La Thaïlande, j’en rêvais depuis 17 ans. Depuis le jour où j’avais fait mon premier voyage hors des frontières de mon pays. Le pays du sourire comme première destination, ça me paraît pas mal. Peut-être même que c’est ce qui a fait de moi ce que je suis aujourd’hui. Je savais que j’y retournerai. C’était même peut-être devenu une sorte d’obsession. Je devais y retourner. Retrouver les brochettes de poulet marinées et le Fanta rouge de mes six ans.

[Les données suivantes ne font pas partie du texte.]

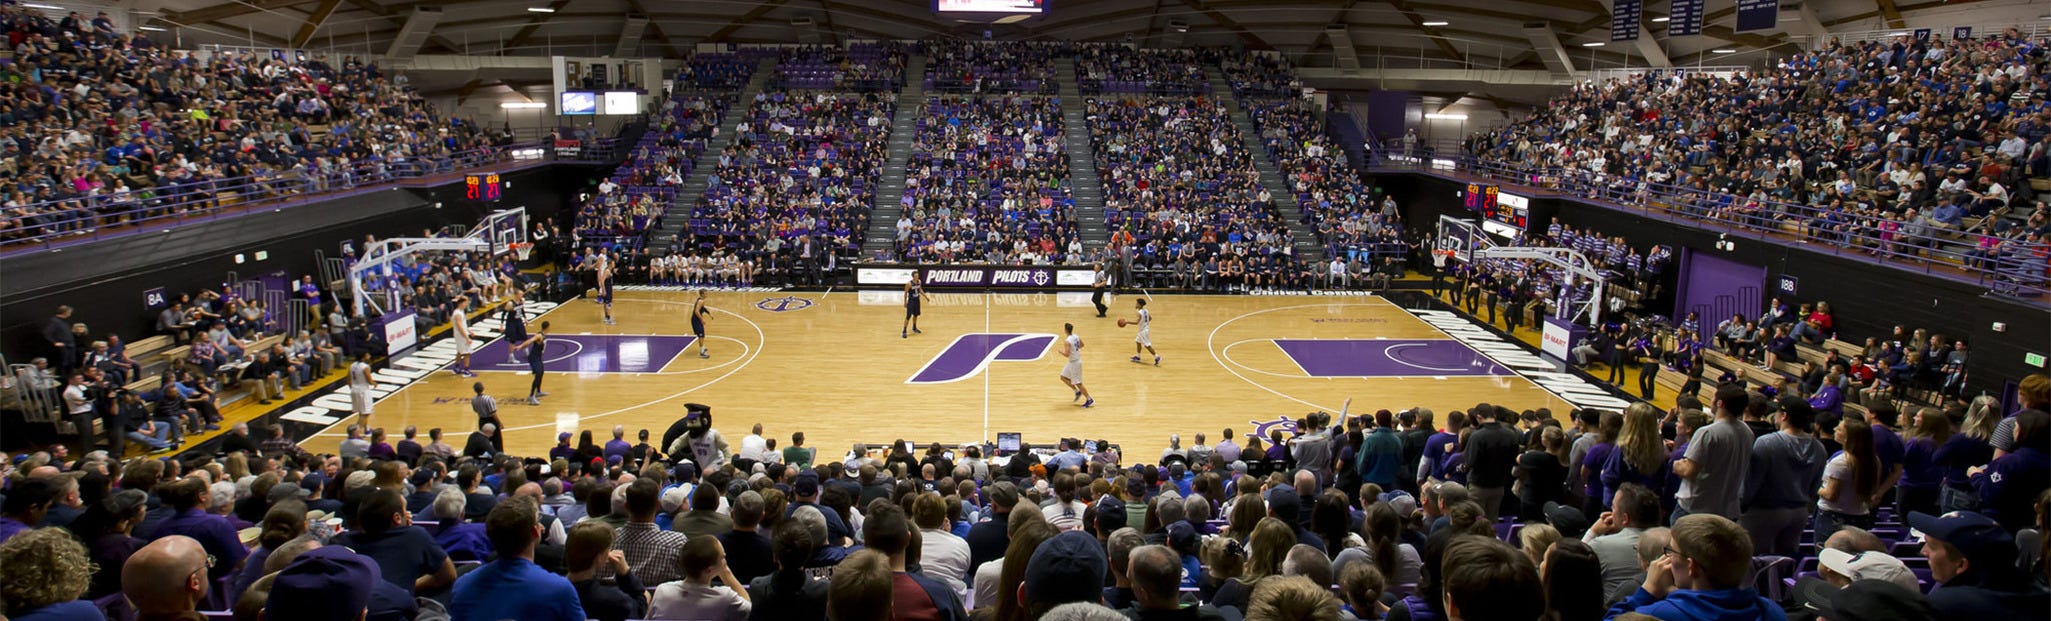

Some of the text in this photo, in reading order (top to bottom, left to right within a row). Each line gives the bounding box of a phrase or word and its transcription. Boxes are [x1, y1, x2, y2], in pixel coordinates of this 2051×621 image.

Photo de mon premier voyage en Thaïlande en 1996 – Chao Praya River – Bangkok

J’aurais pu arriver ici et être déçue, ne pas retrouver ce que j’avais imaginé dans mes souvenirs lointains de petite fille. Mais ce que je vis ici est bien au-delà de mes espérances. Ce que je vis, je souhaite à tout le monde de le vivre au moins une fois dans sa vie. Cela fait seulement deux mois que j’ai posé les pieds au pays du sourire et j’en suis déjà à la moitié de mon séjour. Le temps passe trop vite. Il faudrait que chaque journée dure une journée de plus pour profiter de tout ce qu’il y a à découvrir ici.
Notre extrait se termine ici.